3 thoughts on “Did you know?”
That last picture on Page Street (before the cartoon) is a trip. It shows that redwoods or firs were once more popular in San Francisco. There are not many now because they get too big. The trees in the background of the newer picture are Monterey cypress, which also get too big. They are common in San Francisco though. The dracaena palm, Cordyline australis, in the big pot to the far right was trendy at the time. Several specimens of it were planted as creepy looking street trees on Winchester Boulevard in front of the Winchester House. I can not imagine why, since they were not proportionate to the road, even at that time. It is interesting that the old bronze cultivar ‘Atropurpurea’ was available back then. It does not get as big as the more typical green sort that were in front of the Winchester House, but develops striking color, which was considered to be more striking back then, prior to the development of even more striking colors. When I was in school in the late 1980, those two old dracaena palms were the primary two that were available. If there were any cultivars back then, I was not aware of them. Nowadays though, there are many cultivars. Some are darker bronze or purplish. Several are striped with white, pink or yellow. Some stay low like ornamental grass. Anyway, I am getting carried away. I just happen to notice the old flora.
I noticed the difference in the trees as well, Tony. I think I’m learning from your comments to pay closer attention to the natural world of San Francisco. It looked as though Golden Gate Park was more rugged and dense in those days. Maybe that kid driving the old roadster didn’t have too hard of a time shaking the cops when he ran into that forest.

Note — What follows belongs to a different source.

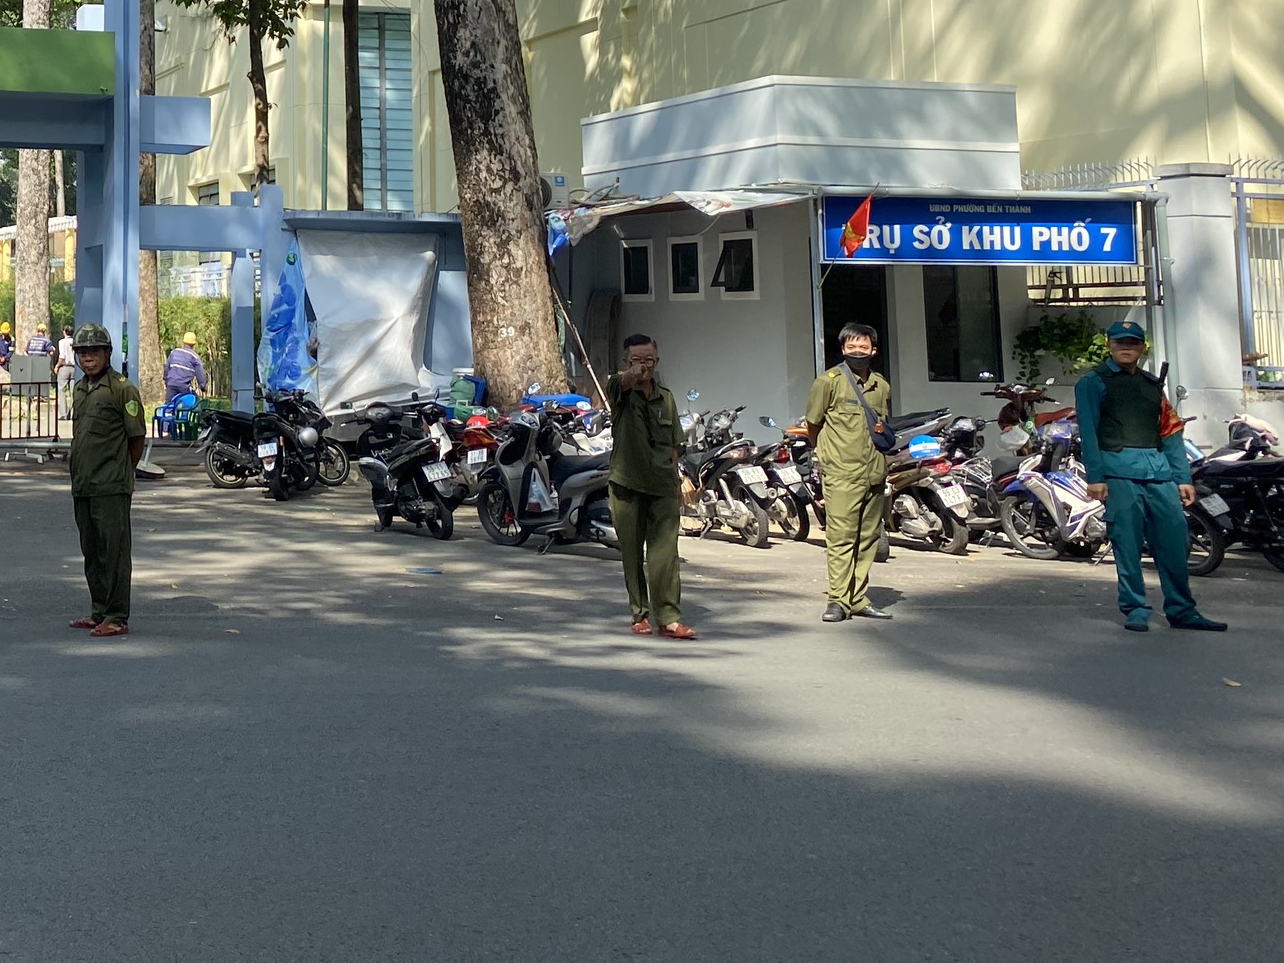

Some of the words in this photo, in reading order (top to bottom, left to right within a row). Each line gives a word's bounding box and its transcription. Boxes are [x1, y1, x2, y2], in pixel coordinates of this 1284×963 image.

Golden Gate Park was well planned from the very beginning, but like Guadalupe Gardens in San Jose, it was not developed all at the same time, or at least not so refined from the very beginning. Some regions were planted very densely to make it look well forested, with the intention of thinning the trees out as they matured. It is a horticultural responsible technique that is not only passe, but vilified now. I have worked with landscapes that were designed and installed with such intentions as late as the late 1970s, but then not maintained properly. For example, a condominium complex in western San Jose was outfitted with well situated Norway maples (a non-invasive cultivar that matched some of the street trees of the neighborhood). Because the Norway maples take several years to mature, poplars were added to grow up and provide shade fast. The poplars were not situated so well because they were temporary, and intended to subordinate to the maturing Norway maples. (Poplars are very problematic trees.) However, by the time the poplars matured, San Jose required permits to remove them, but would not grant permits for trees that were healthy, stable and well structured. The Norway maples were disfigured under the overwhelming canopies of the poplars. The poplars displaced pavement with their aggressive roots, and destroyed much of the landscapes, . . . and then died suddenly like poplars typically do. So, the landscape was very well designed, but destroyed by tree preservation ordinances. Now it is outfitted with ‘microtrees’, which are trees that are too small to cause any problems, but not big enough to provide any shade. Anyway, enough of that rant. San Francisco has been much more practical about tree preservation, and accommodating for trees that must be removed. However, like everywhere else, there are so-called ‘environmentalists’ who object to the removal of any tree. One of them has a blog about it. It is quite infuriating to read.